They are so named because they probably were sung as pilgrims ascended the mountains on their journey to Jerusalem for the feast days.

Remember how we’re told in the gospels that Jesus and his family would travel to Jerusalem; imagine Mary and Joseph and Jesus singing this song, “He will not let your foot be moved, he who keeps you will not slumber.”

Maybe they sang it for worship as they climbed the steps up to the temple, as a reminder of the mountains like Sinai and Hebron, where God was present.

Eugene Peterson affirms this ancient liturgy for us pilgrims in real life in his translation of this psalm as he writes, “No, our help doesn’t come from the mountains; our help comes from the Lord, maker of heaven and earth.”

It’s the song for us believers who see the suffering in the world, who are looking to the hills and see the dangers of the journey: ambushes by bandits in the mountains, a stumble on a steep mountain trail, the heat of the desert sun, and all the other unforeseeable risks.

What’s remarkable is that this psalm does not bemoan the fact of all the bad that might happen.
No, it is a song of God’s constant protection of those who travel the path, for us believers who see deep into the souls to be cared for as we make the journey together.

It is a song that celebrates the faith as Paul put it, if you will, same tune, different verse, that nothing “will be able to separate us from the love of God in Christ Jesus our Lord.” (Romans 8:38)

You see, the journey the psalm really speaks to is not so much a journey of geography from here to there, but a journey of the geography of the soul, of who you are and how you’re growing in faith and hope and love.
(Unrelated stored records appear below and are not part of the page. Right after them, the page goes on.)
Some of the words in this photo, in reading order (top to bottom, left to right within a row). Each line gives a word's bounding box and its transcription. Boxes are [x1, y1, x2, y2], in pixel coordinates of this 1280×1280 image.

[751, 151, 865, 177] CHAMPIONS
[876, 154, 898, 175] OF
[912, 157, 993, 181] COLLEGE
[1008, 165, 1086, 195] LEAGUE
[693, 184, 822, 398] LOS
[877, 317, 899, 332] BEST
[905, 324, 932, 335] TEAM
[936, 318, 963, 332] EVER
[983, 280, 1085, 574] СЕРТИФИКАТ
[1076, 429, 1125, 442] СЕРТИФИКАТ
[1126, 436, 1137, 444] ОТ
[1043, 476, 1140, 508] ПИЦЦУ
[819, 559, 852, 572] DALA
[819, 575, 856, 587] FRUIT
It is the real journey in our world, as Anatole France said, “The truth is that life is delicious and horrible, charming and bitter.”
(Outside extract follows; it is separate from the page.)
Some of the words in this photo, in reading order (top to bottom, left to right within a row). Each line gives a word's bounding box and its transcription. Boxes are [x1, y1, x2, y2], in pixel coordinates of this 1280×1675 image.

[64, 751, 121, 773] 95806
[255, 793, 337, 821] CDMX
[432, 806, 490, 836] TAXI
The questions are not about whether it happens It does. It’s not a matter of protecting us from the evil or preventing the evil from happening, we all walk that path.

This psalm is the foundation of that part of the Lord’s Prayer, “…deliver us from evil”; not that evil will never get to us, that we’re in some sort of protective bubble of belief. Our deliverance, our protection is in the remembrance of our dependence on God’s grace and the utter reliability of God’s promise.

I like the way Oswald Chambers puts it: “God is present now, dancing on the chaos of my life.”

We do not walk by ourselves, no matter what the old hymn says, we do not walk that valley by ourselves.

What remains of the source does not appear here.